■ **What the task asks**: An exact copy of every entry below is required, and no picture may appear in it.

===== Records provided =====

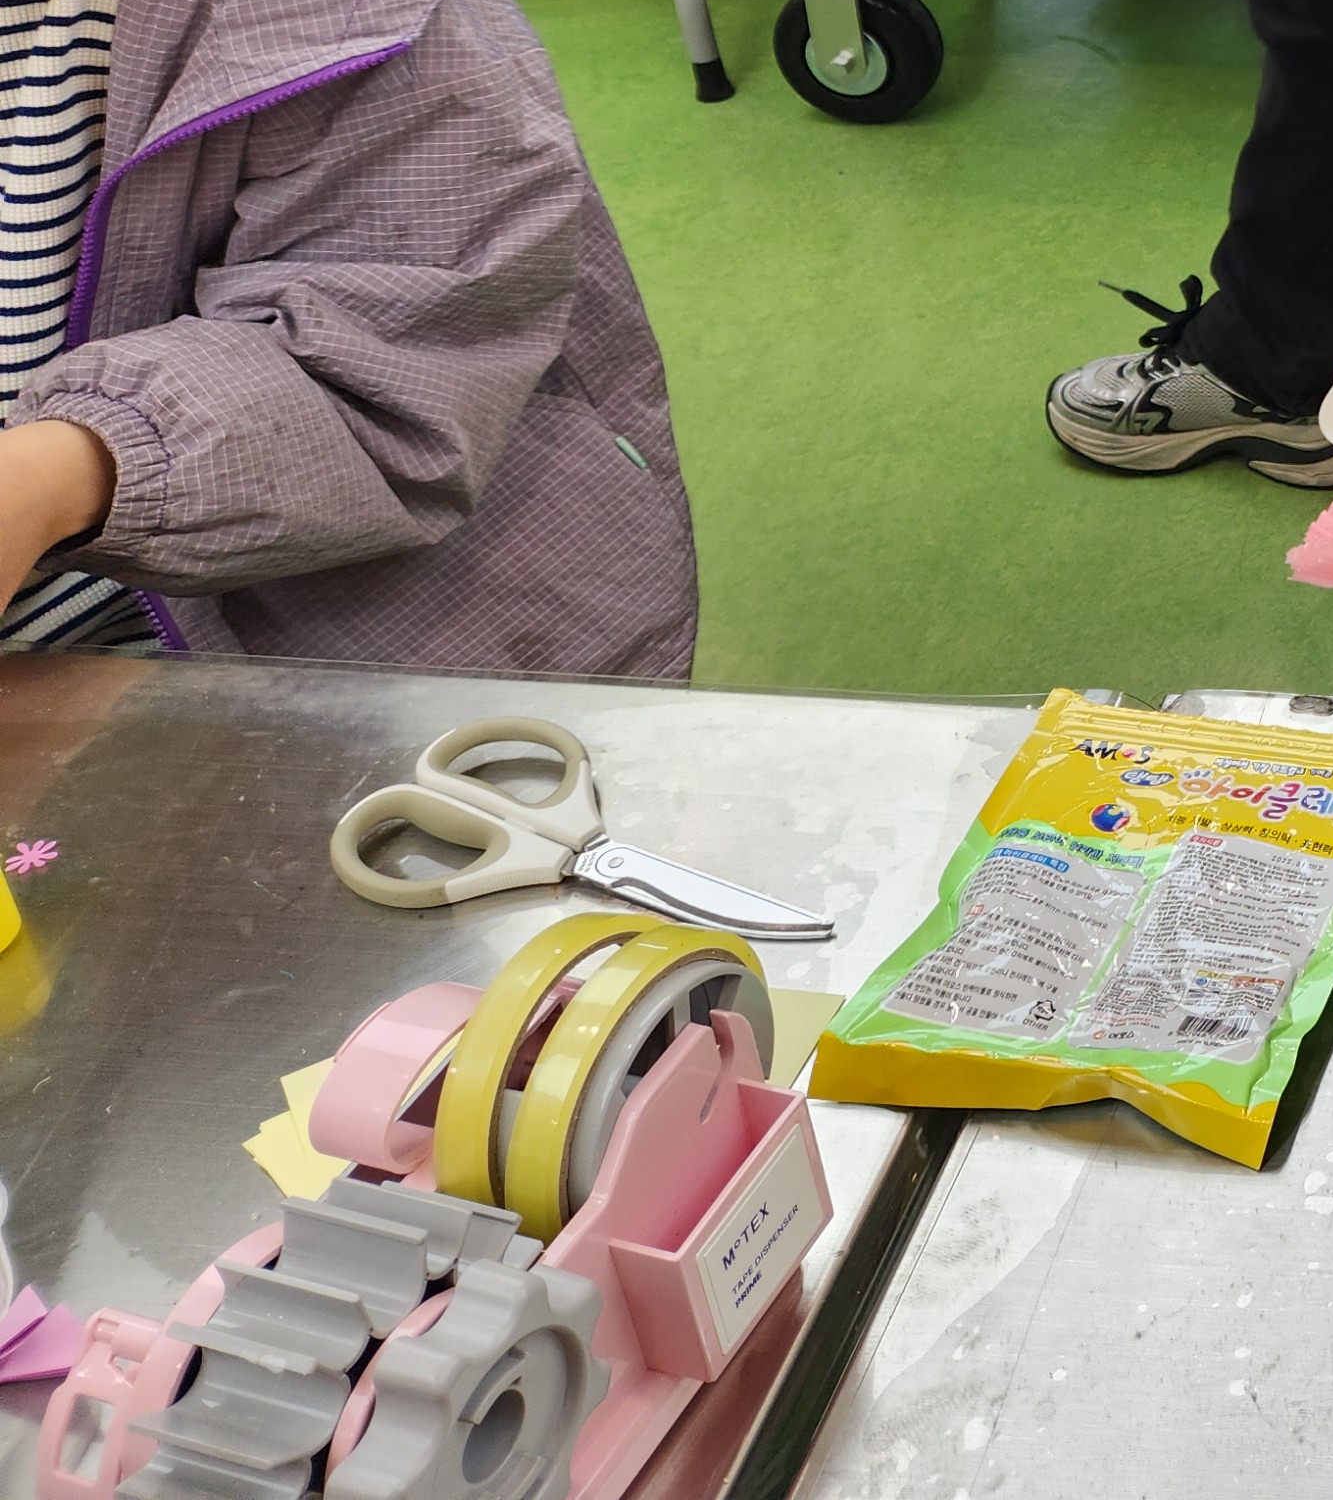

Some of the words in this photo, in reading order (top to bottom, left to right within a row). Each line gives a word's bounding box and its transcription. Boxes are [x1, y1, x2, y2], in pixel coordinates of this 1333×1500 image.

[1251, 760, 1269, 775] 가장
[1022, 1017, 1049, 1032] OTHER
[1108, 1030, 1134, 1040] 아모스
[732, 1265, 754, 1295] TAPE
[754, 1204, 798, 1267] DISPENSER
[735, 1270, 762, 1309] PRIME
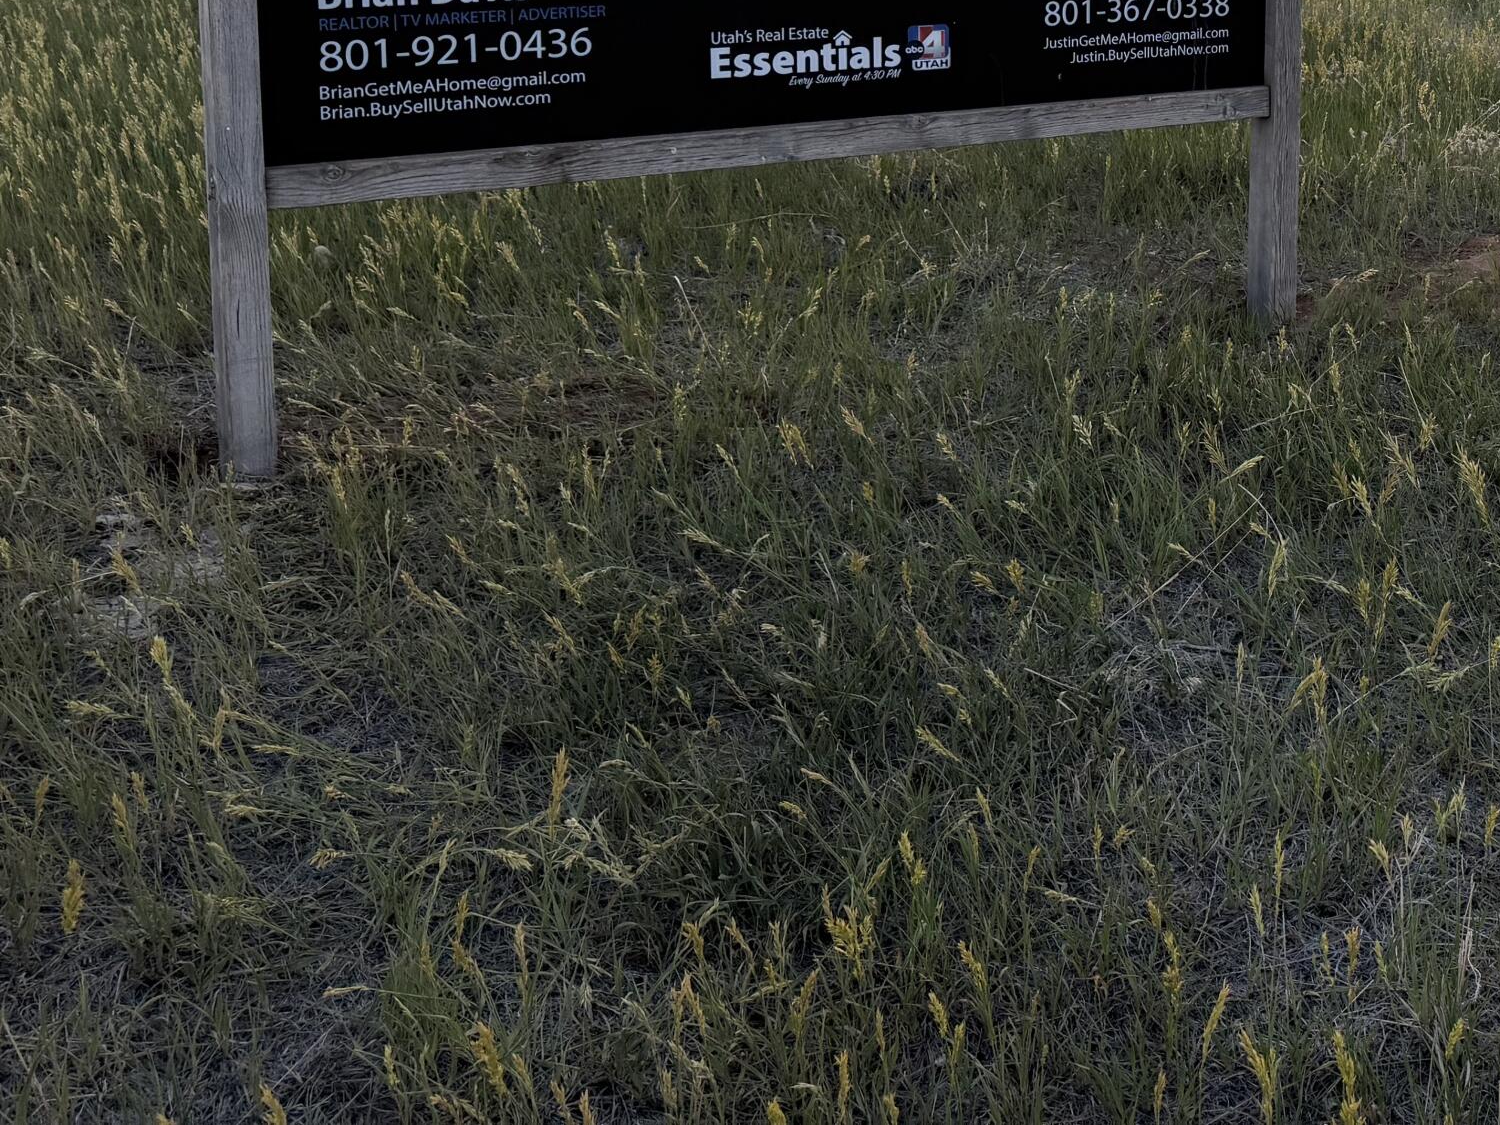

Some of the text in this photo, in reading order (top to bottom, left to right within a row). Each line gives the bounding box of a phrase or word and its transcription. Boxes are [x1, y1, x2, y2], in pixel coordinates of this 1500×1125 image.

=====

■ **Exercise result**:
Some of the words in this photo, in reading order (top to bottom, left to right within a row). Each line gives a word's bounding box and its transcription. Boxes are [x1, y1, x2, y2], in pixel coordinates of this 1333×1500 image.

[1251, 760, 1269, 775] 가장
[1022, 1017, 1049, 1032] OTHER
[1108, 1030, 1134, 1040] 아모스
[732, 1265, 754, 1295] TAPE
[754, 1204, 798, 1267] DISPENSER
[735, 1270, 762, 1309] PRIME

Some of the text in this photo, in reading order (top to bottom, left to right within a row). Each line gives the bounding box of a phrase or word and its transcription. Boxes are [x1, y1, x2, y2], in pixel coordinates of this 1500×1125 image.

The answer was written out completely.